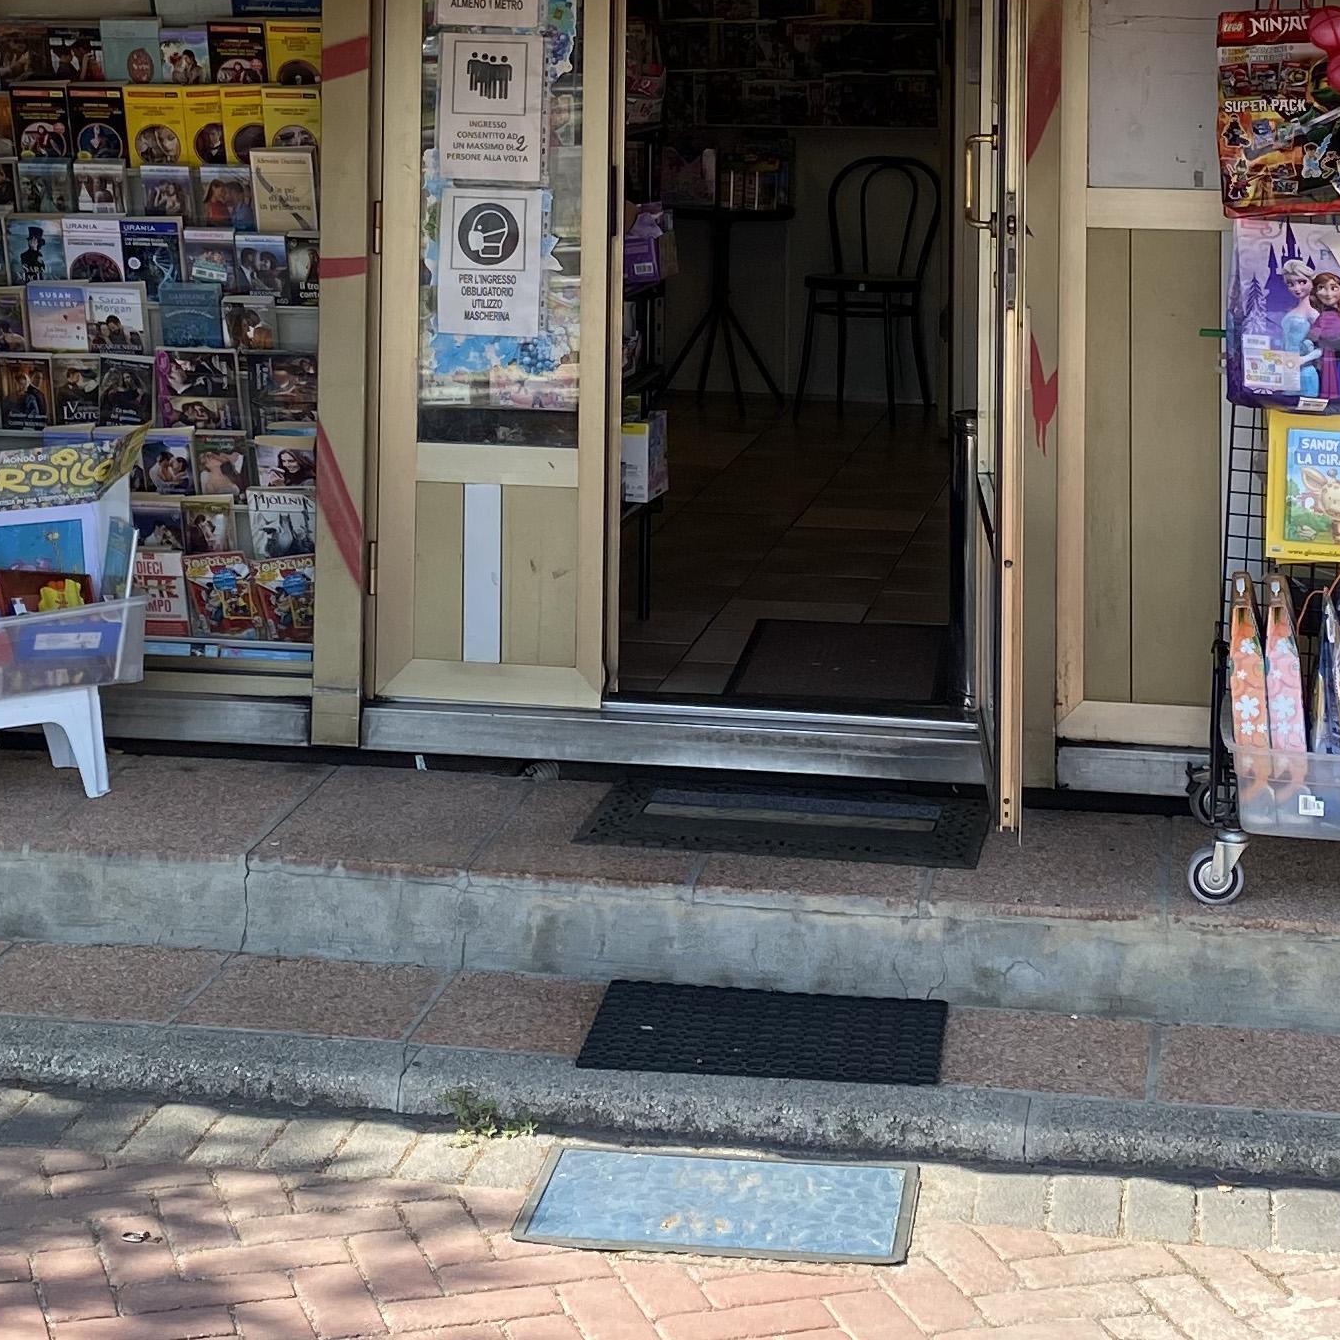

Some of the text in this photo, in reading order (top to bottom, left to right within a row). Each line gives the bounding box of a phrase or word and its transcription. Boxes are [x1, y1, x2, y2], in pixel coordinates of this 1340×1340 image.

[495, 0, 524, 11] METRO
[1225, 99, 1307, 112] SUPER PACK
[469, 120, 507, 129] INGRESSO
[457, 131, 506, 140] CONSENTITO
[447, 153, 481, 161] PERSONE
[503, 155, 529, 163] VOLTA
[123, 224, 156, 232] URANIA
[459, 274, 517, 285] PER L'INGRESSO
[39, 291, 72, 299] SUSAN
[461, 286, 514, 297] OBBLIGATORIO
[33, 300, 79, 308] MALLERY
[472, 299, 503, 309] UTILIZZO
[464, 310, 510, 321] MASCHERINA
[1301, 437, 1340, 452] SANDY
[3, 456, 36, 466] MONDO
[1296, 453, 1312, 464] LA
[135, 561, 164, 575] DIECI
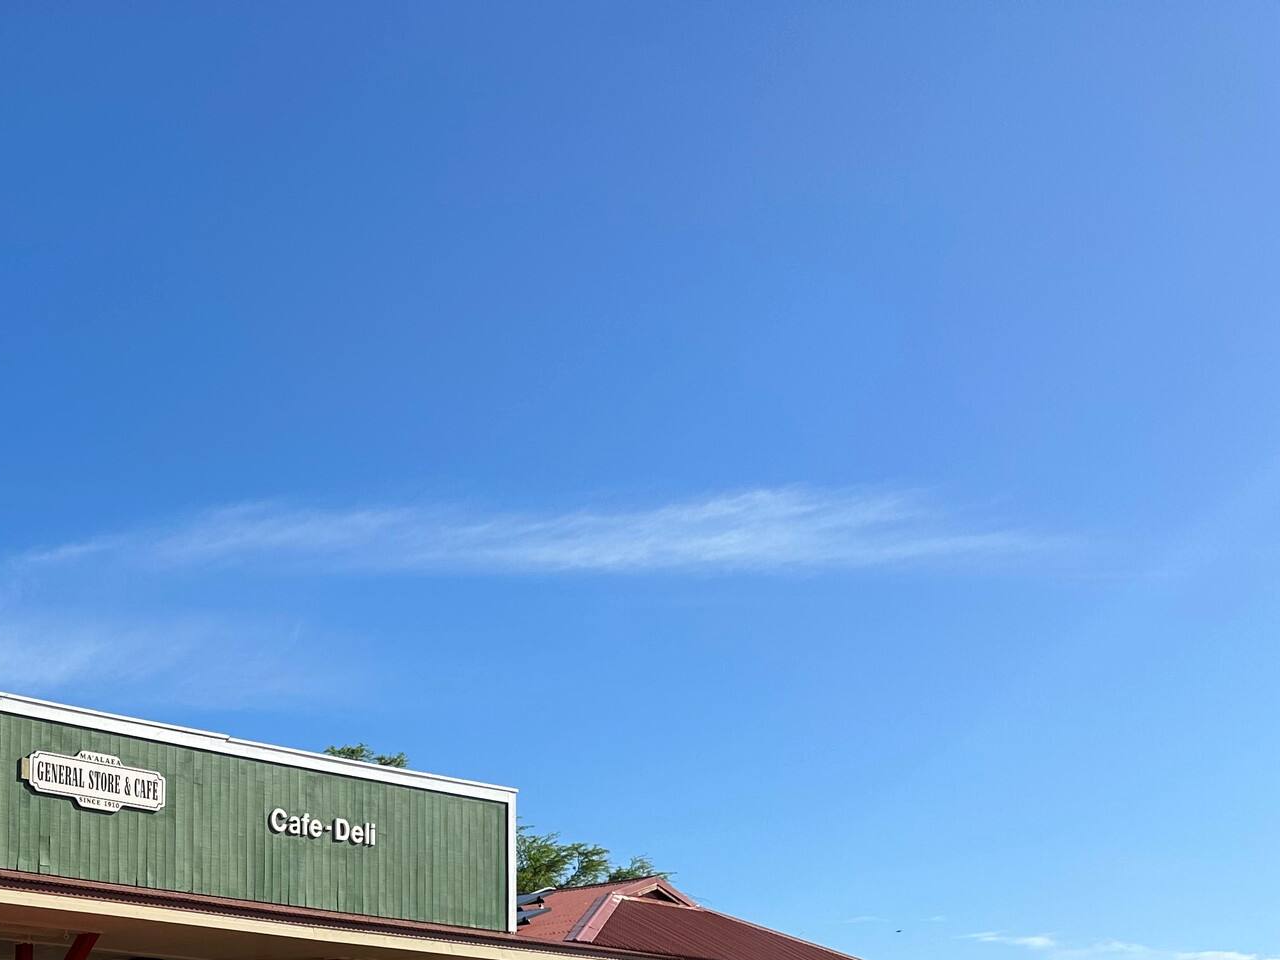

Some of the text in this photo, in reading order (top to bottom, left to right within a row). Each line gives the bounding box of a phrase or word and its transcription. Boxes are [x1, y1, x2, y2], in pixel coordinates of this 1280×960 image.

[37, 761, 159, 801] GENERAL STORE & CAFÉ
[79, 797, 120, 809] SINCE 1910
[270, 807, 376, 846] Cafe-Deli

Task prompt: Restate each entry word for word, please, but drop any images it holds.

Response below:
Some of the text in this photo, in reading order (top to bottom, left to right within a row). Each line gives the bounding box of a phrase or word and its transcription. Boxes are [x1, y1, x2, y2], in pixel coordinates of this 1340×1340 image.

[495, 0, 524, 11] METRO
[1225, 99, 1307, 112] SUPER PACK
[469, 120, 507, 129] INGRESSO
[457, 131, 506, 140] CONSENTITO
[447, 153, 481, 161] PERSONE
[503, 155, 529, 163] VOLTA
[123, 224, 156, 232] URANIA
[459, 274, 517, 285] PER L'INGRESSO
[39, 291, 72, 299] SUSAN
[461, 286, 514, 297] OBBLIGATORIO
[33, 300, 79, 308] MALLERY
[472, 299, 503, 309] UTILIZZO
[464, 310, 510, 321] MASCHERINA
[1301, 437, 1340, 452] SANDY
[3, 456, 36, 466] MONDO
[1296, 453, 1312, 464] LA
[135, 561, 164, 575] DIECI

Some of the text in this photo, in reading order (top to bottom, left to right within a row). Each line gives the bounding box of a phrase or word and its transcription. Boxes are [x1, y1, x2, y2], in pixel coordinates of this 1280×960 image.

[37, 761, 159, 801] GENERAL STORE & CAFÉ
[79, 797, 120, 809] SINCE 1910
[270, 807, 376, 846] Cafe-Deli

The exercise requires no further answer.